How did you end up at Oberlin?
Well, after four years of being a post-doc, you have to find a real job. Oberlin was one of the acceptances I had that year. … It is much less expensive to live in Ohio than in the other cities where I found jobs. And I am really not a party girl, so I didn’t mind living in a small town. Also, at the time I had been divorced from my first husband, and I had a seven-year-old to care for, so I needed to be in a place where I could not only build a career but also raise my kid. There’s a lot of personal stuff that goes into choosing where you end up. It was a whole series of little events.
I guess you love it, because you’re willing to come out in the snow and the cold.
I do! I guess I love teaching in equal measure.
One more question: What are your interests and hobbies outside of academia?

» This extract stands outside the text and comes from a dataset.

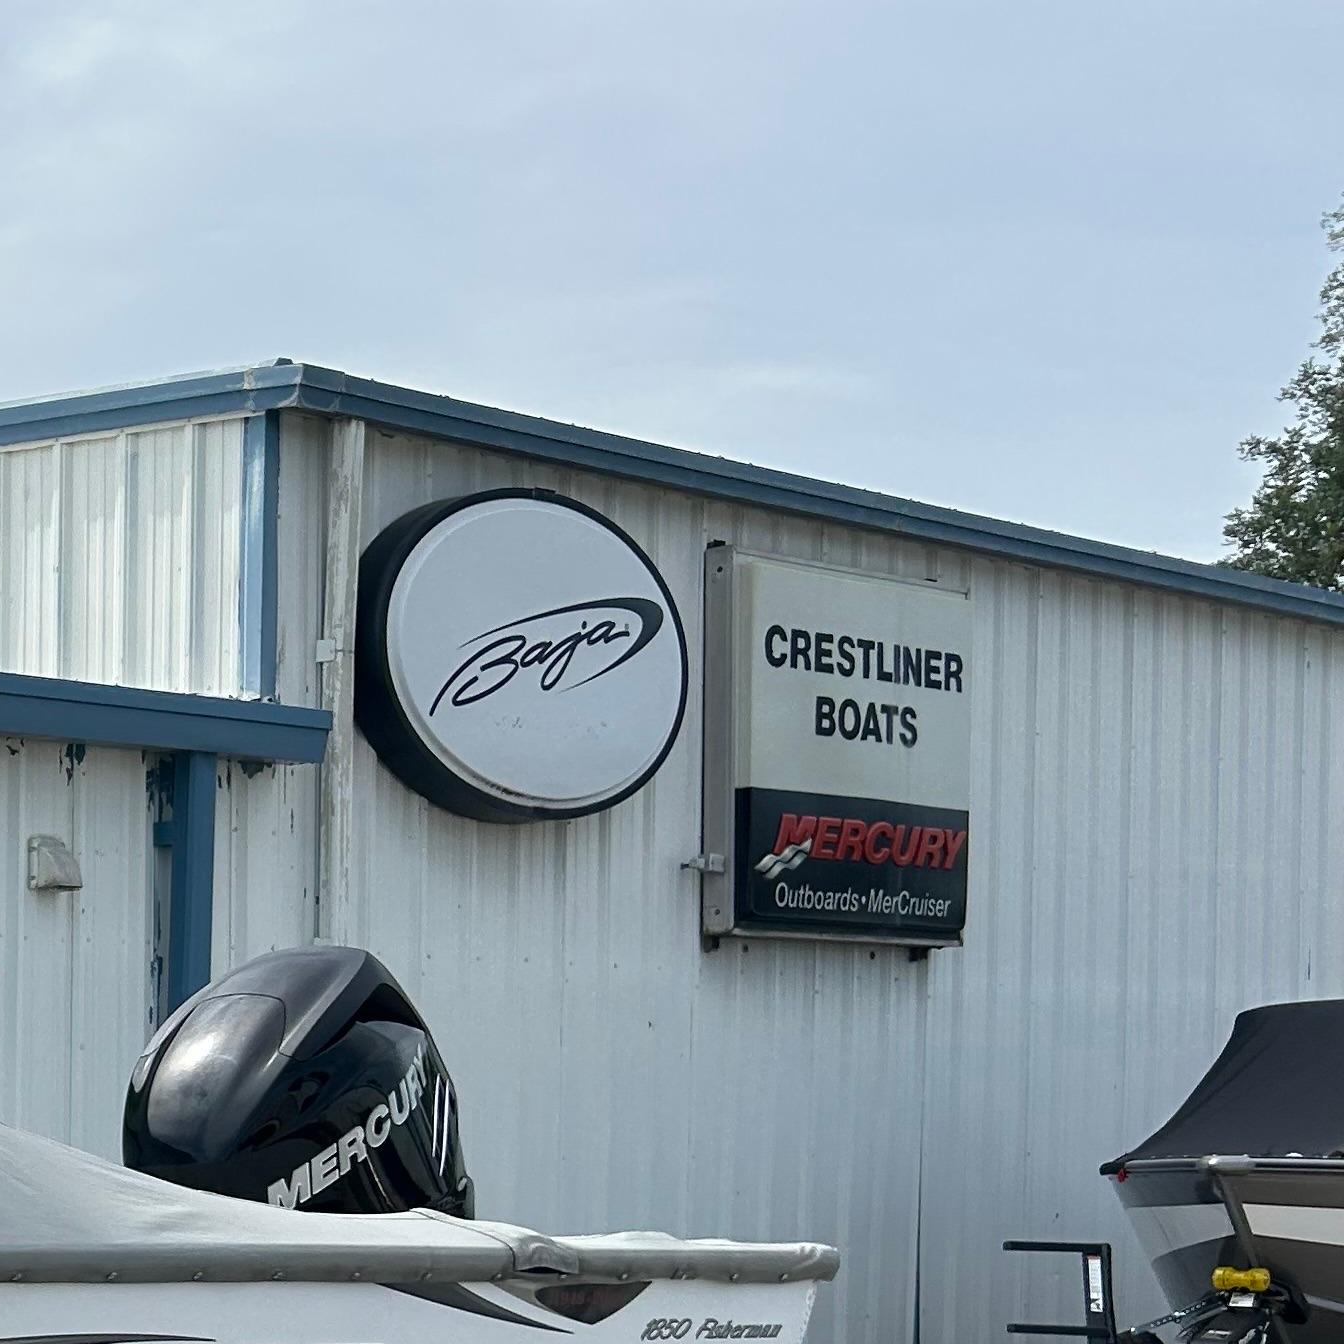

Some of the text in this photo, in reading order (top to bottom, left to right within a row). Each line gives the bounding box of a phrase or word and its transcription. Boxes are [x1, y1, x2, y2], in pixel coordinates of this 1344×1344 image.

I … travel a lot. I have one more continent to go: Antarctica. I’m saving for it. … [Traveling] is my one remaining vice. I like seeing places, I like doing things that challenge me. For example, last summer I climbed Kilimanjaro. I’ve paraglided in New Zealand, I’ve hiked in Australia. I think it’s the coolest thing ever, and I’m very happy I can still do that. …
I took the train once from Adelaide to Perth, nearly three days’ ride, and there was nothing out there except for desert and sky. That really taught me a lot about sustainability — I was told that that part of Australia has been continuously occupied for 40,000 years by Australian aborigines, but you never see them because there are so few. The land is so stark. These people don’t build cities, they don’t farm, they don’t have houses. They go where the rains go. And perhaps that’s the way to keep life on the planet sustainable. Sitting in the train for two days taught me something; I was saying to myself, “I don’t believe there’s nothing here.”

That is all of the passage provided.